Sebastes helvomaculatus, the rosethorn rockfish, is a species of marine ray-finned fish belonging to the subfamily Sebastinae, the rockfishes, part of the family Scorpaenidae. This species is found in the Eastern Pacific.

==Taxonomy==
Sebastes helvomaculatus was first formally described in 1859 by the American physician and ichthyologist William Orville Ayres with the type locality given as San Francisco, California. Some authorities place this species in the subgenus Sebastomus. The specific name helvomaculatus is a compound of helvus which means "yellow" and maculatus meaning "spotted", an allusion to the oblong spots on the flank, even though these are pink rather than yellow.

==Description==
Sebastes helvomaculatus is a comparatively small and slender rockfish which has large eyes relative to the size of its head.
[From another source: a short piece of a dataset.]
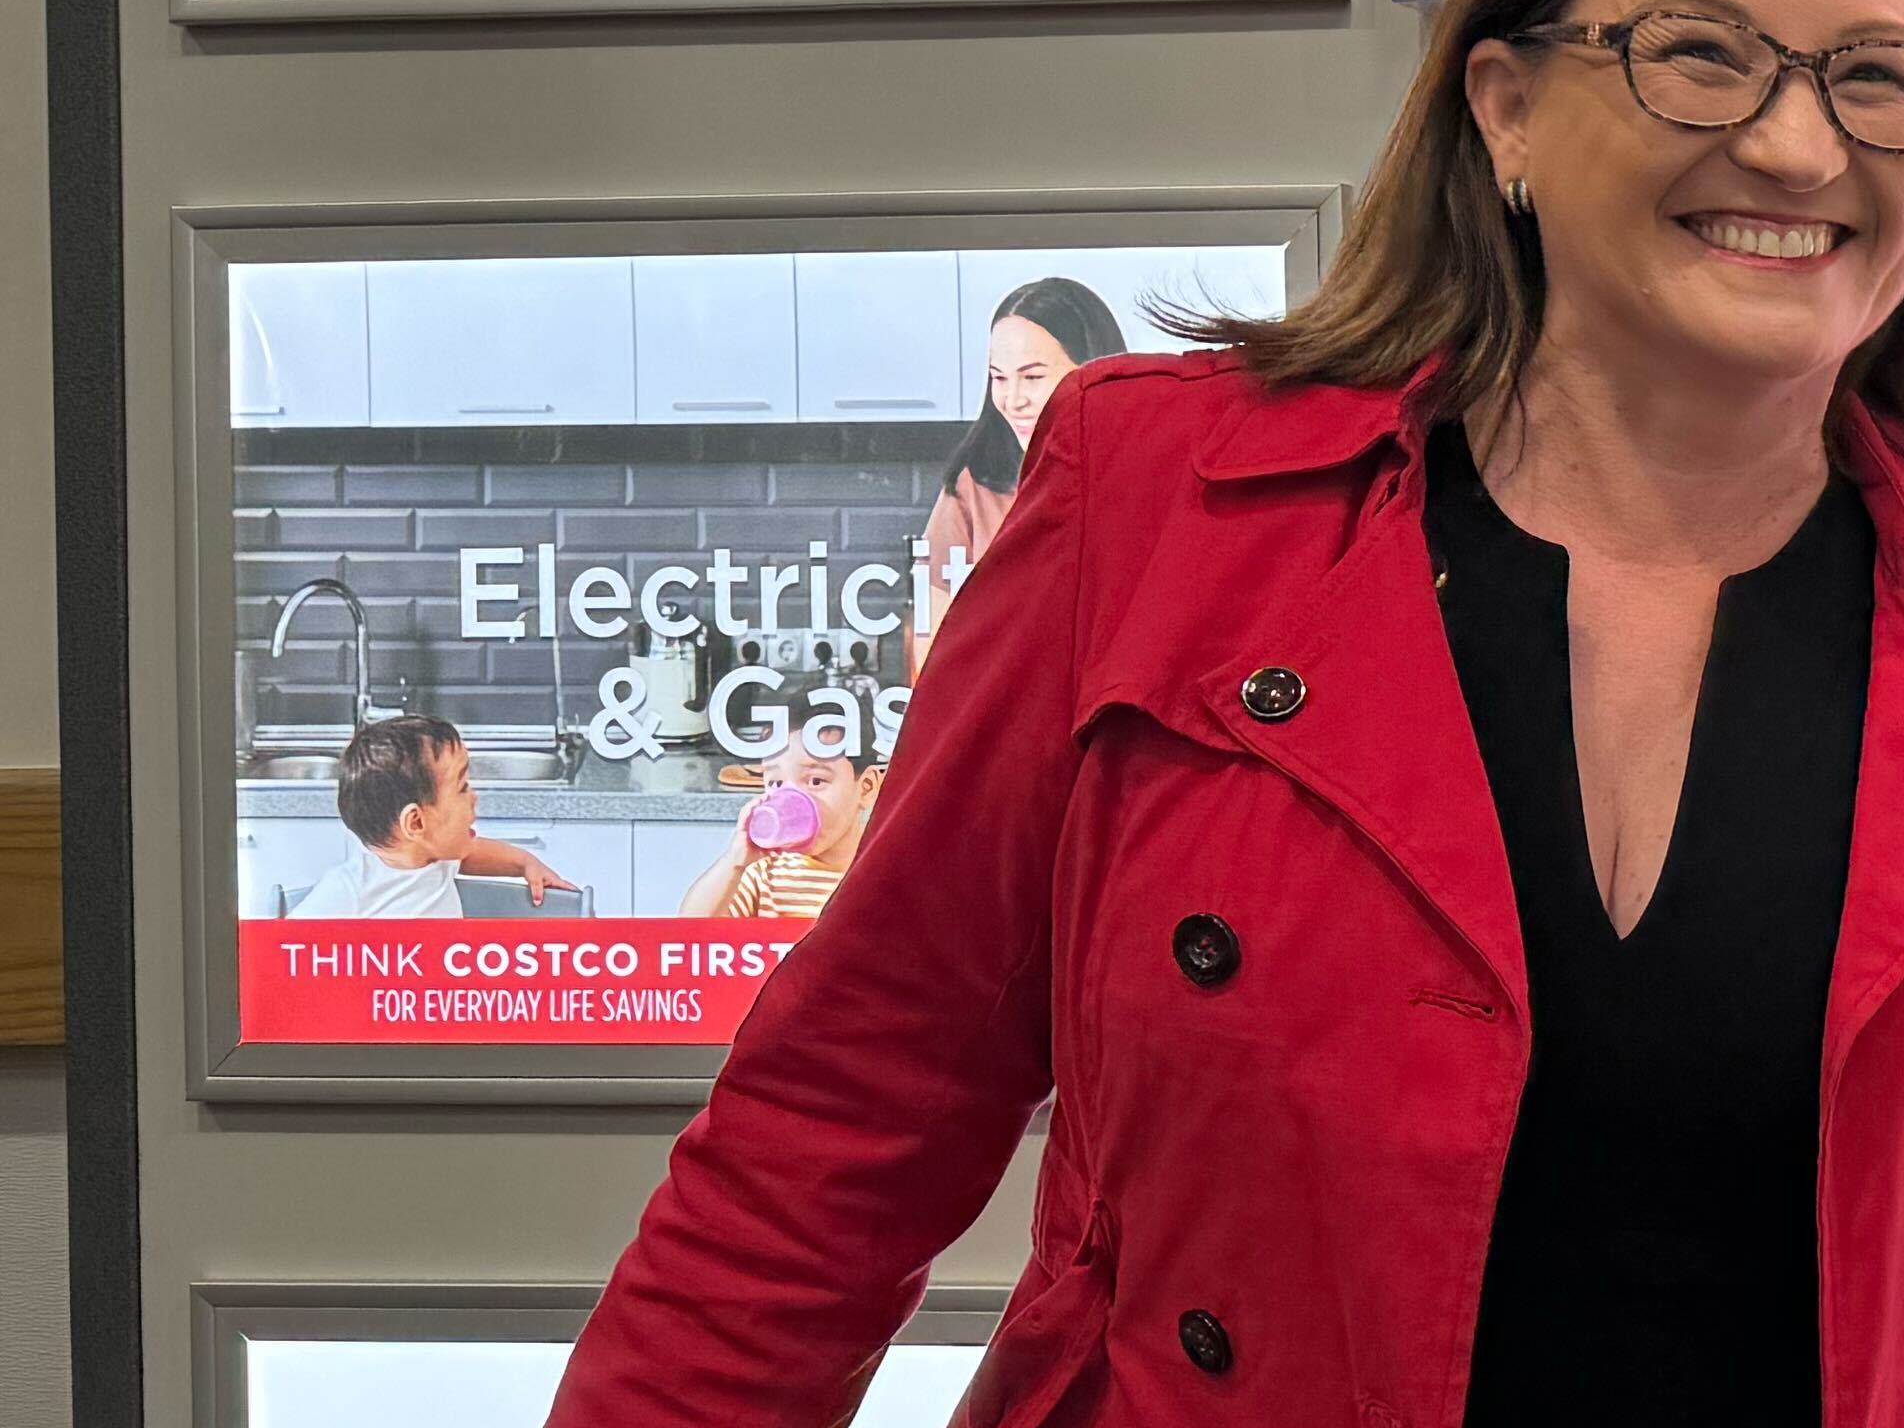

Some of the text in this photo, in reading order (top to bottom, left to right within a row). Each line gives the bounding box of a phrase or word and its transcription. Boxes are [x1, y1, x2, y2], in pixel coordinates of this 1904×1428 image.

[588, 669, 663, 761] &
[281, 942, 422, 978] THINK
[443, 942, 638, 978] COSTCO
[372, 988, 701, 1023] FOR EVERYDAY LIFE SAVINGS
The depth of the body is just less than a third of its standard length. The dorsal fin has 13 spines and 12-14 soft rays while the anal fin has 3 spines, the second spine being very long, and 6-7 soft rays. The head has robust spines, somne very robust, the nasal, preocular, supraocular, postocular, tympanic and parietal spines are present, the nuchals are typically not present and the coronal spine is always absent. The caudal fin is slightly forked. This species varies in colour from crimson, orange, yellow or yellowish-green patterned as a series of vague stripes. The anal and dorsal fins typically have pink or green stripes and there is green and white striping on the top of the head. There are 4 to 5 white blotches which may be edged or tinted with pale. This species attains a maximum total length of 41 cm.

== Distribution and habitat==
Sebastes helvomaculatus is found in the eastern Pacific Ocean from Kodiak Island in Alaska South to Guadalupe Island in Baja California, although it is rare south of San Francisco, California. It is a demersal fish with a depth range of 25 to 549 m.

==Biology==
Sebastes helvomaculatus are typically encountered resting singly in crevices or caves in rock walls or in mud sheltered by boulders or pebbles. It is a slow growing species, It is long lived species which has a maximum known age of 87 years. This species breeds annually, it is ovoviviparous and the females release larvae in May and June.The size at which 50% of the fish were sexually mature was at fork lengths of 228 mm for males and 208 mm for females.